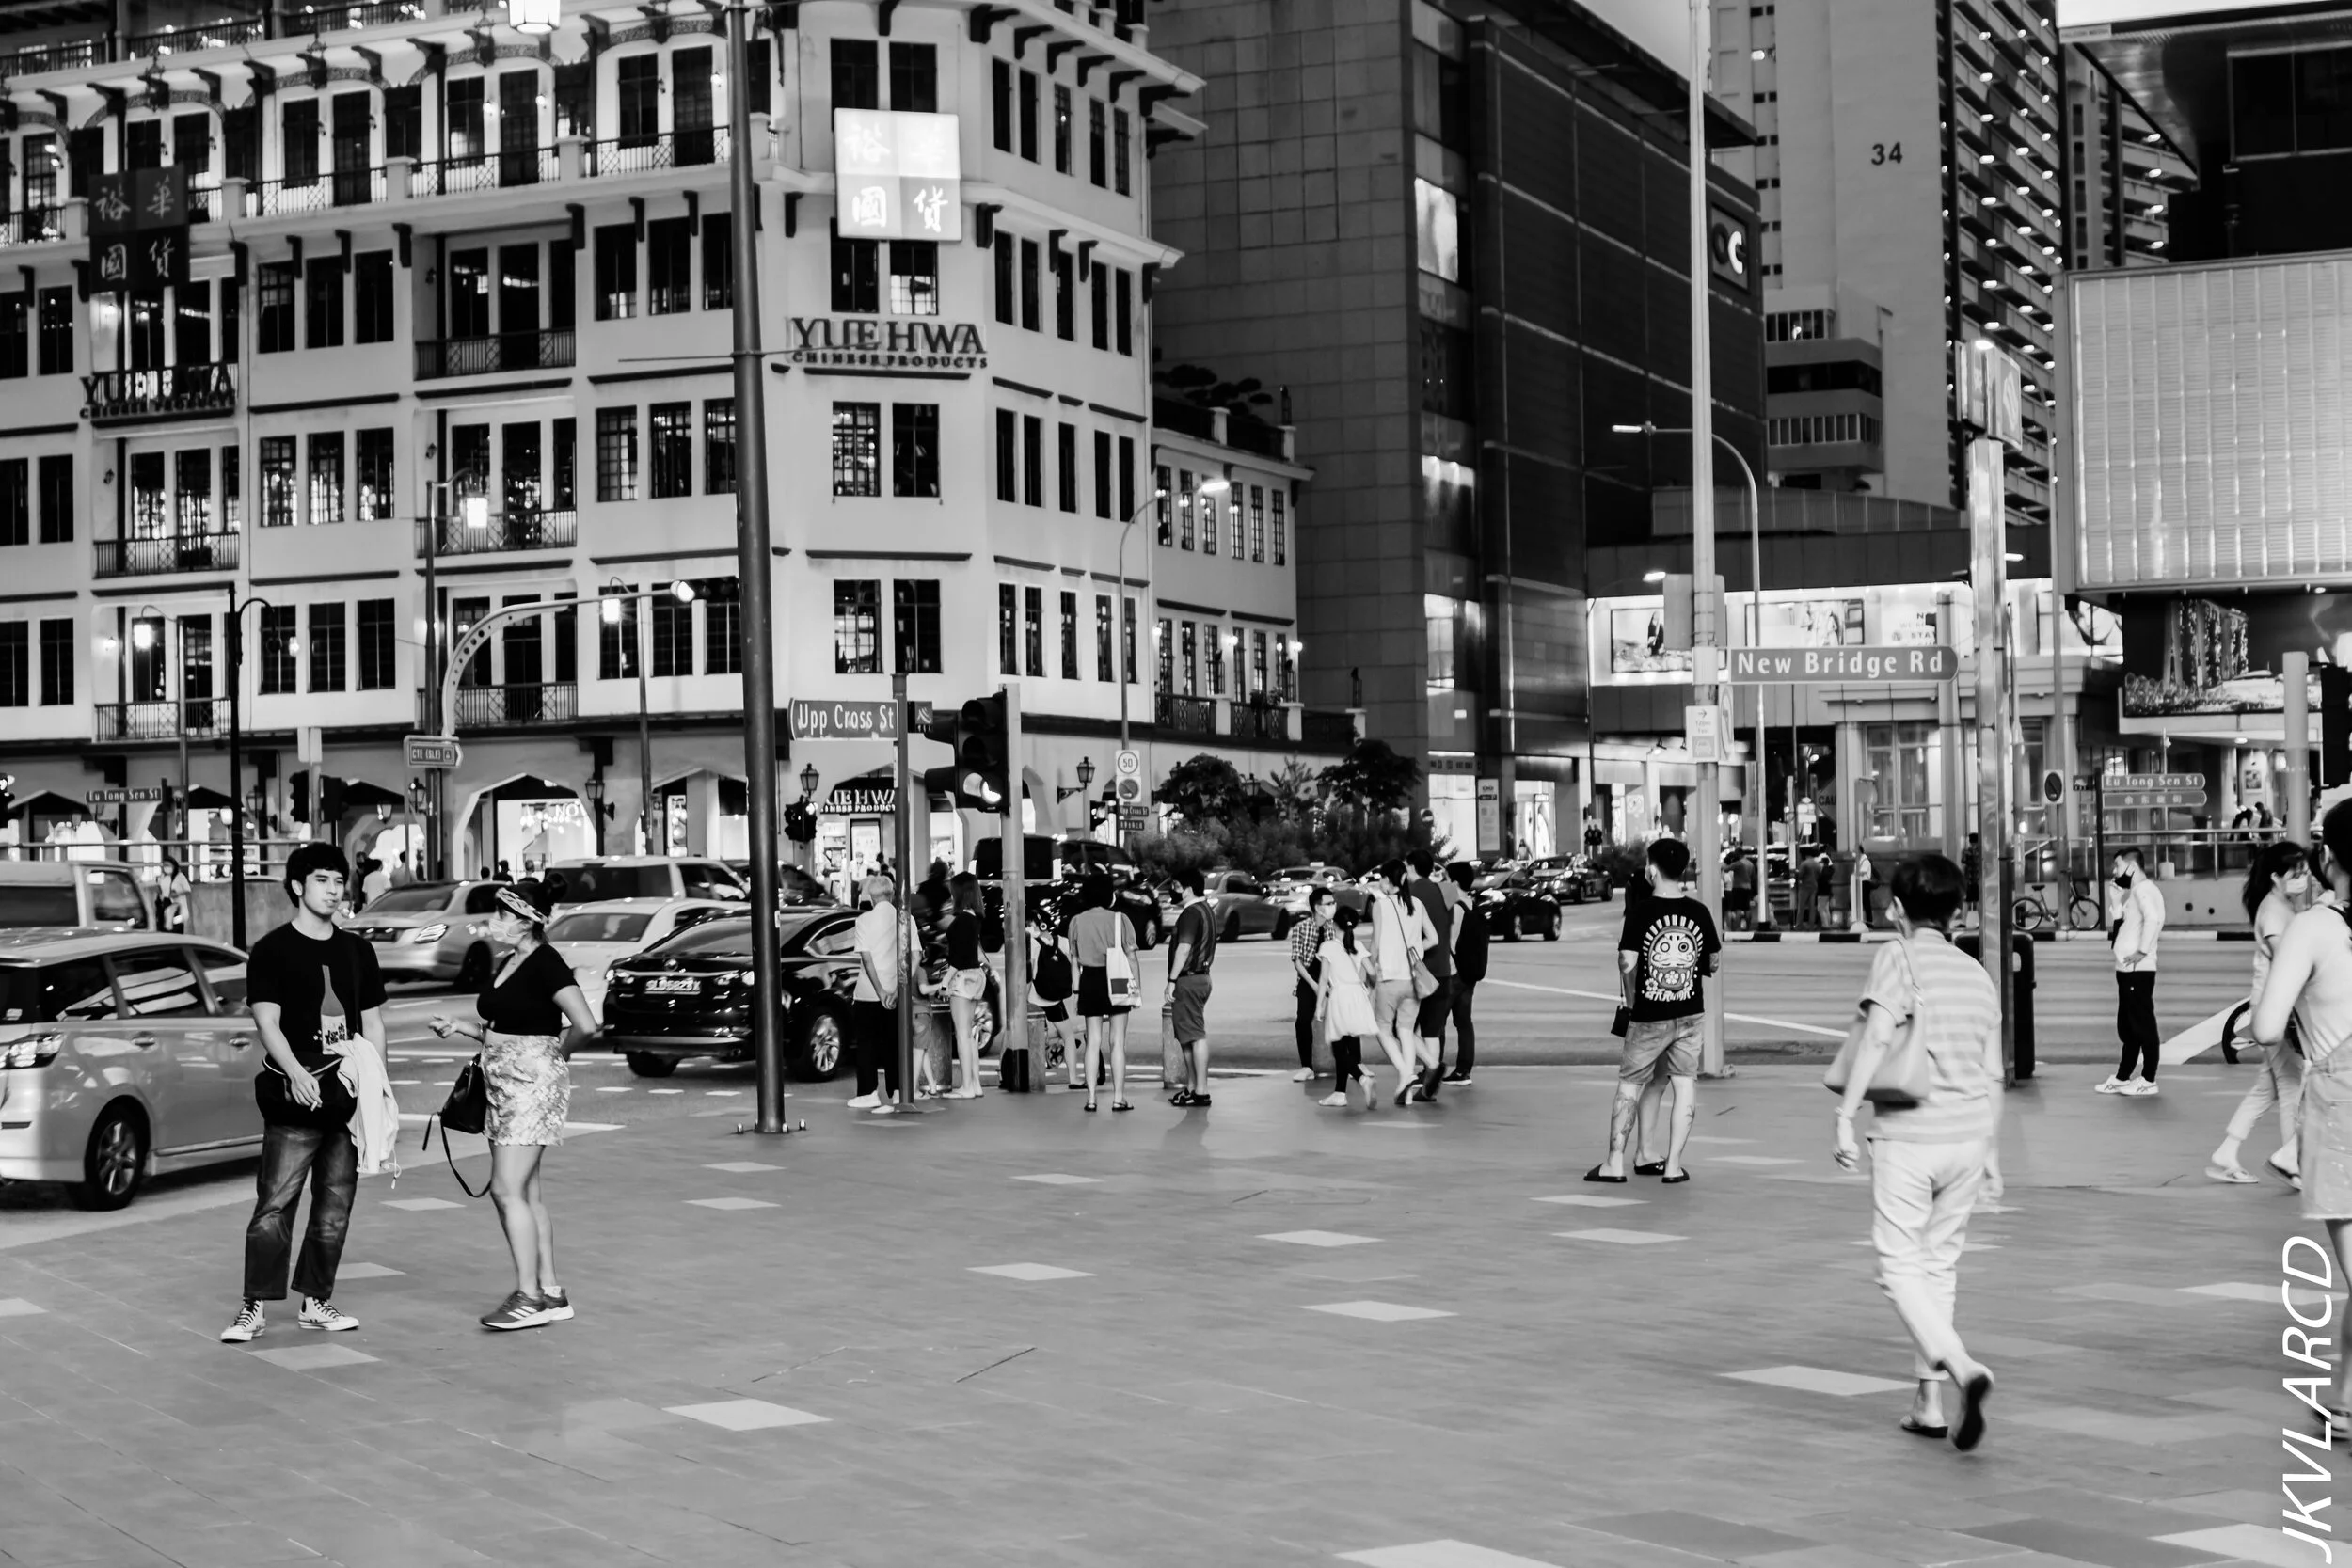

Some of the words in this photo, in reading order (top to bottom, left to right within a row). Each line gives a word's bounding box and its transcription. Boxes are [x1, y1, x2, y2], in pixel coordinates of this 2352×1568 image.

[1871, 142, 1902, 166] 34
[791, 317, 879, 351] YUE
[886, 321, 987, 355] HWA
[792, 351, 881, 366] CHINESE
[887, 354, 988, 370] PRODUCTS
[1738, 652, 1791, 674] New
[1805, 651, 1897, 679] Bridge
[1910, 650, 1943, 673] Rd
[798, 703, 828, 735] Upp
[834, 704, 873, 729] Cross
[879, 705, 894, 731] St
[1122, 758, 1134, 768] 50
[2106, 776, 2121, 786] Eu
[2126, 774, 2153, 789] Tong
[2158, 774, 2181, 786] Sen
[2185, 774, 2198, 785] St
[1819, 795, 1837, 807] CAU

☆ ☆ ☆ ☆ ☆

### Your instructions
The full text of the data above, exact and without pictures, is what to return.

### Reply
Some of the words in this photo, in reading order (top to bottom, left to right within a row). Each line gives a word's bounding box and its transcription. Boxes are [x1, y1, x2, y2], in pixel coordinates of this 2352×1568 image.

[1871, 142, 1902, 166] 34
[791, 317, 879, 351] YUE
[886, 321, 987, 355] HWA
[792, 351, 881, 366] CHINESE
[887, 354, 988, 370] PRODUCTS
[1738, 652, 1791, 674] New
[1805, 651, 1897, 679] Bridge
[1910, 650, 1943, 673] Rd
[798, 703, 828, 735] Upp
[834, 704, 873, 729] Cross
[879, 705, 894, 731] St
[1122, 758, 1134, 768] 50
[2106, 776, 2121, 786] Eu
[2126, 774, 2153, 789] Tong
[2158, 774, 2181, 786] Sen
[2185, 774, 2198, 785] St
[1819, 795, 1837, 807] CAU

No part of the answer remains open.